Sur bien des faits, le doute demeure sans que l’on puisse foncièrement trancher. Quelle est la part de paranoïa de la narratrice ou la part de malveillance de sa locataire ? Qu’est réellement devenue Estelle ? L’ombre de l’infanticide plane à plus d’une reprise sur le récit de Magda mais peut-être ce meurtre ne fut-il que d’intention, peut-être n’est-il que l’expression symbolique d’un abandon, d’une dérive inaugurée depuis longtemps…

«J’avais besoin de fluidité, d’eau. Besoin de savoir, besoin de fuir. Je devais te sacrifier. Je me suis mise à courir droit devant. J’ai hurlé en sentant un liquide glacial toucher ma peau et je me suis jetée aveuglément dedans. J’ai nagé furieusement en frappant la surface glacée de l’eau. Je voulais blesser la mer.»

Dans cette lente dissolution, seule l’écriture semble parfois pouvoir offrir un fil auquel se raccrocher. La narratrice interroge fréquemment son besoin de parole, son impérieux désir d’écrire et de raconter.

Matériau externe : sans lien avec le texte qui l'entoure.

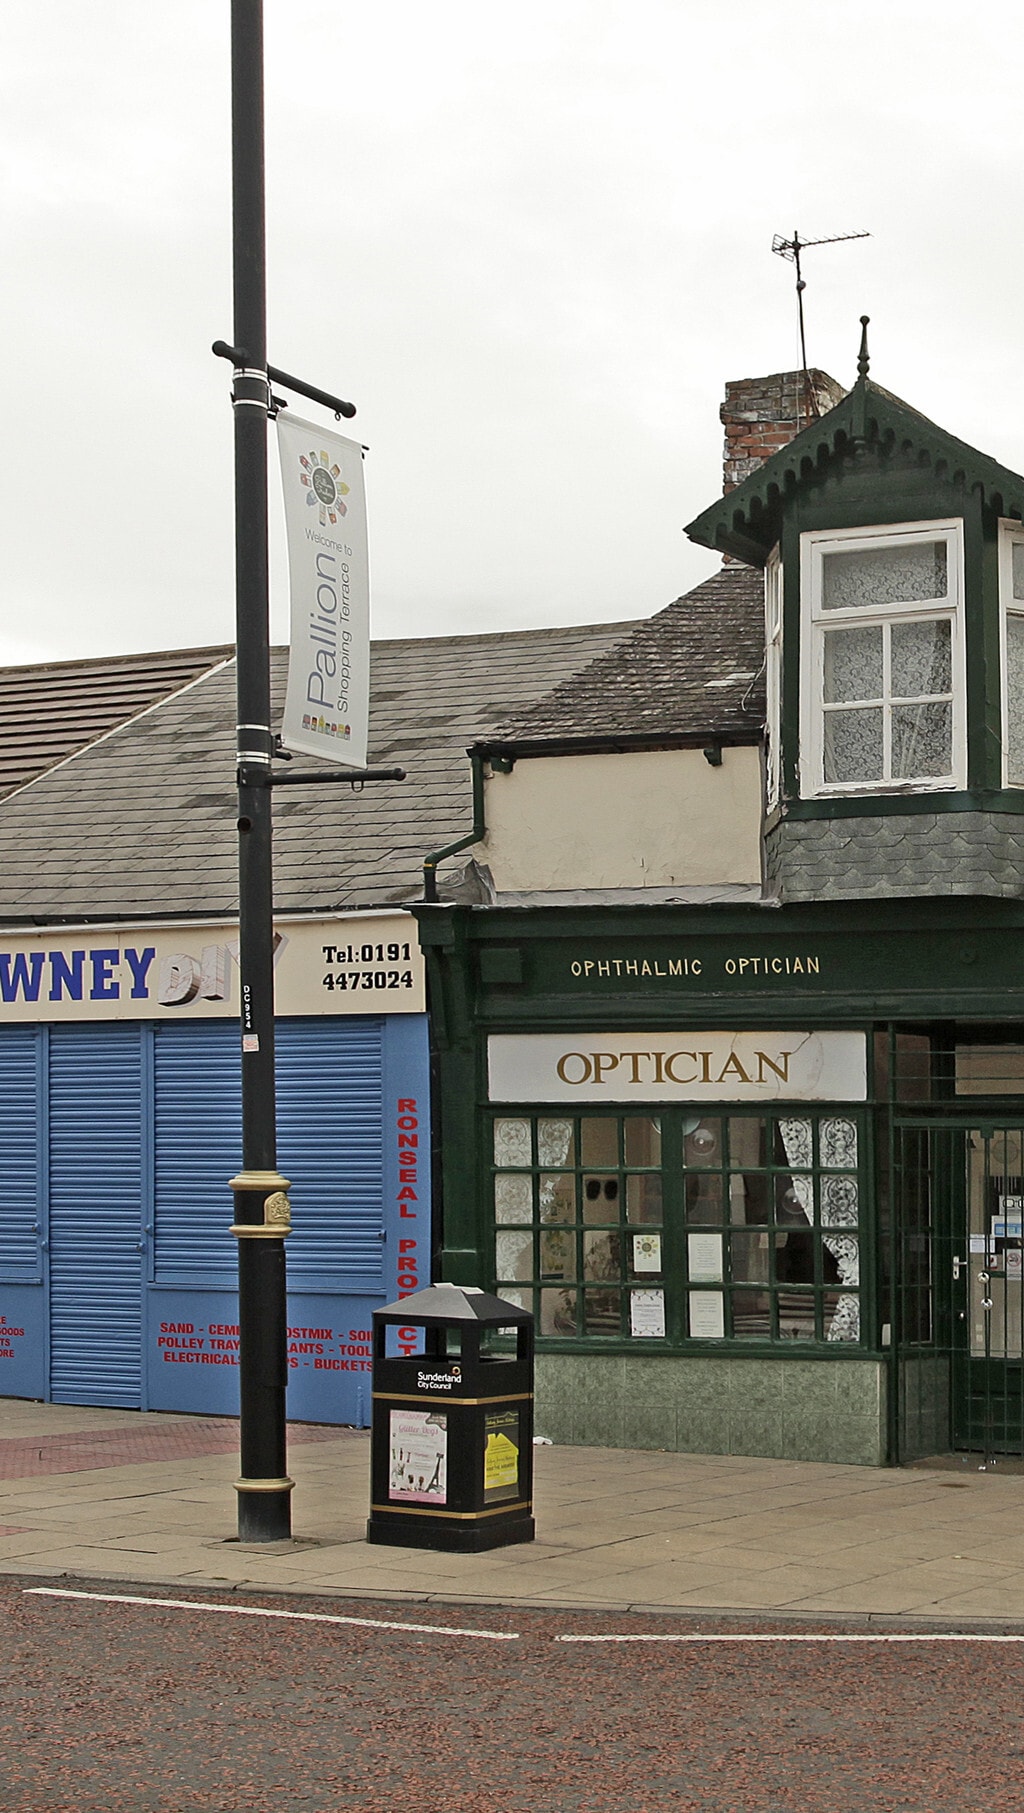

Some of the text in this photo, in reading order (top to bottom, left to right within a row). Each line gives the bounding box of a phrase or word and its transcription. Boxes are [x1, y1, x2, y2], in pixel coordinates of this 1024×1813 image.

Si certaines formules paraîtront parfois un peu convenues, Sabine Huynh sait aussi souvent transmettre, disséminées dans le récit de sa narratrice, toute l’inquiétude et l’incandescence de l’acte d’écrire. Peut-être est-ce là la seule façon d’advenir un tant soit peu à soi-même, d’échapper à ses démons comme à tout ce qui compose en nous et contre nous, une identité qui ne nous appartient pas.

«L’écriture pourrait-elle constituer le seul lien avec soi-même, avec son vrai visage, avec la face cachée de celui-ci ?»

Comme chez Duras, écrire revient ici à écrire autour du vide, au bord du vide. Dans La mer et l’enfant, le miracle de la résilience n’aura pas lieu. La parole de Magda ne l’absout pas plus qu’elle ne la sauve, mais elle apporte peut-être à l’effondrement de son existence un frémissement et un écho qui lui appartiennent enfin en propre. Ecrire, c’est blesser la mer avant qu’elle ne nous emporte.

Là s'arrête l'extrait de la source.